A transaction conflicts if it reads a key that has been written
between the transaction’s read version and commit version. Because
Process 1 has committed before Process 2 is commited, Process 2’s read
on {@reserve, candidate}
key conflicts with Process 1’s write on
the same key. The commit by Process 2 would get cancelled and it
should retry the whole process again. This is indicated by the last
entry {OP: 'CommitError'...
in the trace log. Once a transaction
gets the read version, it can’t observe any other concurrent writes by
other processes. If Process 2 has started after Process 1 had
committed, then the read on {@reserve, candidate}
would return non
nil even if Process 3 has cleared the key range concurrently.

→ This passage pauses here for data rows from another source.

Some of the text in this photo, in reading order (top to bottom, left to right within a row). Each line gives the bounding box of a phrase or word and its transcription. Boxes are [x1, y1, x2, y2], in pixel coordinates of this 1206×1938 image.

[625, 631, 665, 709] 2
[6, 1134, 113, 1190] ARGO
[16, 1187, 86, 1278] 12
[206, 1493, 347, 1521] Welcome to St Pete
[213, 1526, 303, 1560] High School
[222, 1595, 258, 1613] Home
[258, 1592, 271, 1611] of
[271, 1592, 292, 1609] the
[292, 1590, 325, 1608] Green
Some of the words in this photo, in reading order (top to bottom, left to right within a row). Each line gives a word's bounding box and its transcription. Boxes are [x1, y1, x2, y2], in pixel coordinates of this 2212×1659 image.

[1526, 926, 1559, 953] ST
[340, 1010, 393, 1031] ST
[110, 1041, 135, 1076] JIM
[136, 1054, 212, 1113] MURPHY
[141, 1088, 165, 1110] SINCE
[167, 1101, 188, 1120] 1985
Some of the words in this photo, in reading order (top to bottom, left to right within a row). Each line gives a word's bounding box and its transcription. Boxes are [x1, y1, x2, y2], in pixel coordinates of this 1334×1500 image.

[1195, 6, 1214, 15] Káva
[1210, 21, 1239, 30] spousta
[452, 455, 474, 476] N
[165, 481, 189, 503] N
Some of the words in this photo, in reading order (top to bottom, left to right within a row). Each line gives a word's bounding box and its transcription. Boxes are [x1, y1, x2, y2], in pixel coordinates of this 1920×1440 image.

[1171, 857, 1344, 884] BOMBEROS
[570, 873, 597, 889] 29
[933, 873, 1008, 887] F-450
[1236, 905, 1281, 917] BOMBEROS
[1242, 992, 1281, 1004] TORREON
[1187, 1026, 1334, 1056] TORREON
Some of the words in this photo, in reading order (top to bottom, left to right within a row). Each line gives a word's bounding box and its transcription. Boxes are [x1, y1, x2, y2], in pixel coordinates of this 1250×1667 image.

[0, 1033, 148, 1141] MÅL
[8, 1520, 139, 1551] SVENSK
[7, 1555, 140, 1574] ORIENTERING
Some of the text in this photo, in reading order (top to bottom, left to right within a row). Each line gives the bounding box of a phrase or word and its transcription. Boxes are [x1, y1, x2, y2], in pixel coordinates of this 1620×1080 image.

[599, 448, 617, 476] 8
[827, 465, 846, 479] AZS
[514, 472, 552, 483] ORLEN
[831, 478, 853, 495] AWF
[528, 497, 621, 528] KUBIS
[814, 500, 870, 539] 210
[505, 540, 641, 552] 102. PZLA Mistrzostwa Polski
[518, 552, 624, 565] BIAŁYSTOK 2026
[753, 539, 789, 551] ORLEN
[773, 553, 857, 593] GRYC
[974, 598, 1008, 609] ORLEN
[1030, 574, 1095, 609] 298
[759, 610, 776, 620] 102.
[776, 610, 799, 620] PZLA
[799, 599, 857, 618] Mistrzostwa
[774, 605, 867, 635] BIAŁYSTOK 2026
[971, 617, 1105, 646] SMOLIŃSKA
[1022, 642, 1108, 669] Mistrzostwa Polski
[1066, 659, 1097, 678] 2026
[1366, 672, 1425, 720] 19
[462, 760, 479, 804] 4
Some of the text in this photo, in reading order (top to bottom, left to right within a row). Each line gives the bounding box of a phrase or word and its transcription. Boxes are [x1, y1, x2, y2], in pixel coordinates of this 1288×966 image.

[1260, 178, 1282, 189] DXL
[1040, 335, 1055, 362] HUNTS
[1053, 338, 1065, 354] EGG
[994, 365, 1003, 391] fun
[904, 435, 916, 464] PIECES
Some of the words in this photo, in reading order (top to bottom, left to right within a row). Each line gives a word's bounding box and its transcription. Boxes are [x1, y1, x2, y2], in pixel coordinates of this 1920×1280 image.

This effectively means concurrent clear won’t cause problem.
-
The transactions that have started before the commit of Process 3 would try to allocate within the last window. They will not observe the clear range operation.
-
The transactions that have started after the commit of Process 3 would try to allocate within the new window
Multiple processes trying to advance the window concurrently is not a problem from correctness perspective. They would still conflict with each other if they try to allocate the same candidate. Because of the serlizable isolation, we can assume there would be a total order across all commits, ie commit won’t happen concurrently.
Performance
From the graphs it’s clear that the high contention allocator algorithm scales linearly without any problem.